Tiger thought about survival. He had finished crying for now, but he was still scared to death of Joey. Though Tiger was no great fan of time-out, at least he was safe while he served his time in solitary confinement. If he were put back into the general day care population, Joey would surely be out for blood, and there would be no guarantee that the chirping would have died down from the others anyway. No sir, the best plan for survival would be to figure out a way to spend the rest of the day on time-out, unpleasant as that might be. By tomorrow his dad would be home, and he could put all this day care stuff in his rearview mirror.

After about half an hour of supposedly pondering his sins, Tiger looked up to see Miss Parsons entering the room. He tried to look dejected.

“Have you learned your lesson, young man?” Miss Parsons asked.

“Have you learned your lesson, young man?” Tiger repeated in a mocking tone.

This seemed to pretty much stop the day care teacher in her tracks. She looked at Tiger suspiciously. “Do you need some more time in time-out?”

“Do you need some more time in time-out?”

That did it. Miss Parsons regained her composure and unleashed another stern lecture. “I know you’re going through some tough times right now,” she scolded, “but that’s no excuse for this kind of behavior.” She promised Tiger that he would spend all day on time-out if he didn’t change his attitude.

Tiger could hardly suppress a smile.
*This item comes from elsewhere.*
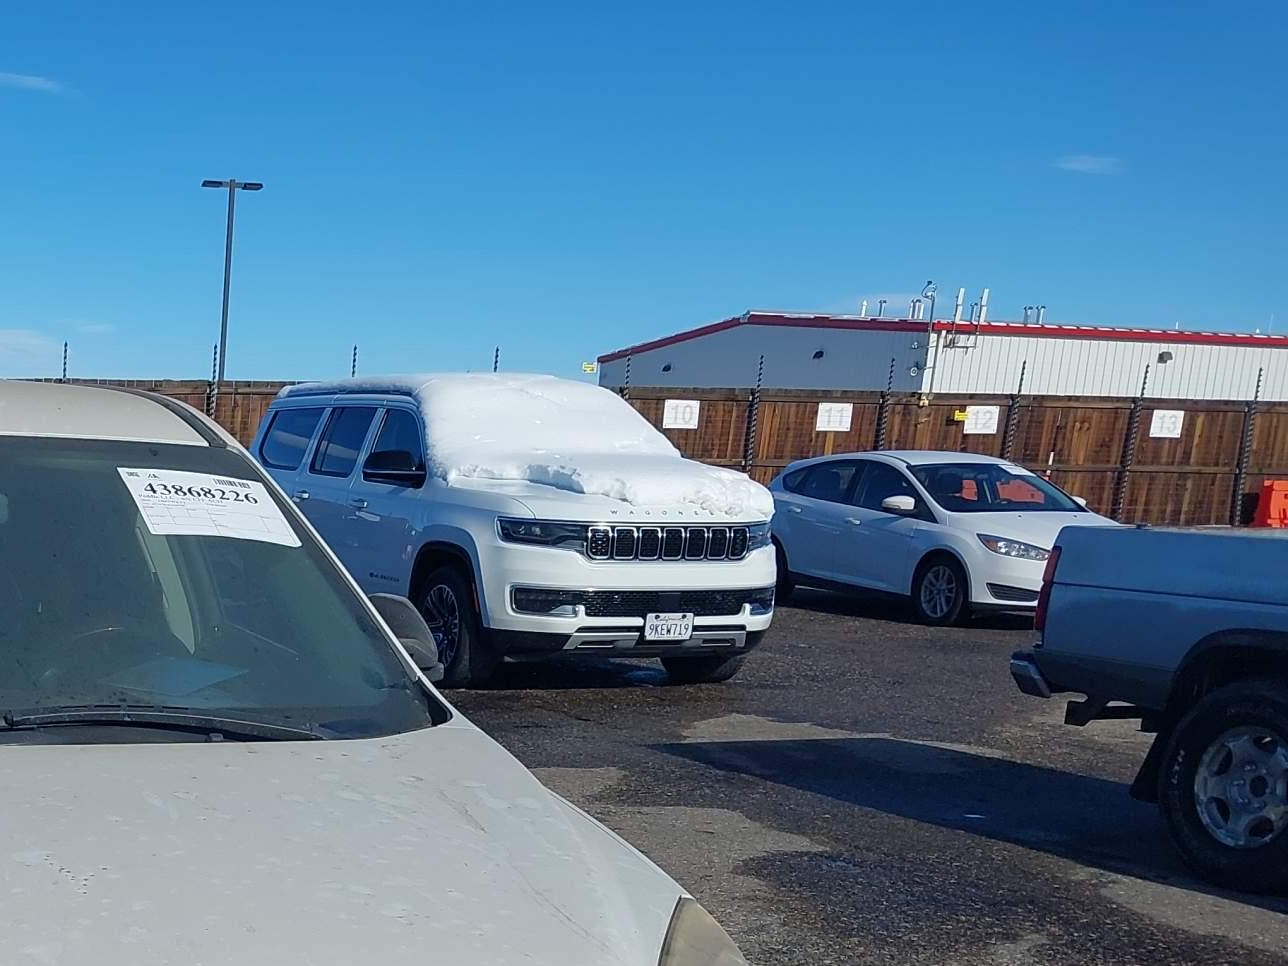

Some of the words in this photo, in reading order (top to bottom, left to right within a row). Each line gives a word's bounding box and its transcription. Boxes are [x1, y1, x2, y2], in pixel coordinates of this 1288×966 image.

The plan seemed to be coming together quite nicely.

Charles watched an angry Barracuda stalk forward, notepad in hand. This was not going to be pretty.

“Have you ever even met Officer Gage before today?” she asked Dr. Ryder in an accusatory tone.

“No.”

“So you have no idea what was going through his head the night that he pulled Buster Jackson over, do you?”

“No.”

“Did you hear his testimony earlier this morning, where he enumerated his reasons for stopping Buster Jackson?”

“Yes.”

“Did you hear him say that race was not even a factor?”

“Yes.”

“Are you calling him a liar?” With this question, the Barracuda pointed sideways at Officer Gage, causing Ryder to make eye contact with the officer. Ryder’s finger nervously and instinctively went to the glasses, pushing them to the top of his nose.

“No, I’m not saying that.”

Charles tried to catch his witness’s eye so he could give him a reinforcing look.
Show a little backbone, Professor.

“The fact is, Officer Gage happened to be right, didn’t he? I mean, this man—” the Barracuda pointed at Jackson—“had a whole car full of drugs, didn’t he?”

Charles shot to his feet. “Objection, calls for speculation. How could this witness possibly know?”

“My point exactly,” the Barracuda shot back. “But since defense counsel concedes it, I’ll withdraw the question.”

Charles sat back down, feeling suckered.

Crawford walked over and picked up the charts that Ryder had used during his direct examination. “Now, with regard to the fifty-six reenactments, if I can call them that, shown on these charts, how many were done in front of Officer Gage?”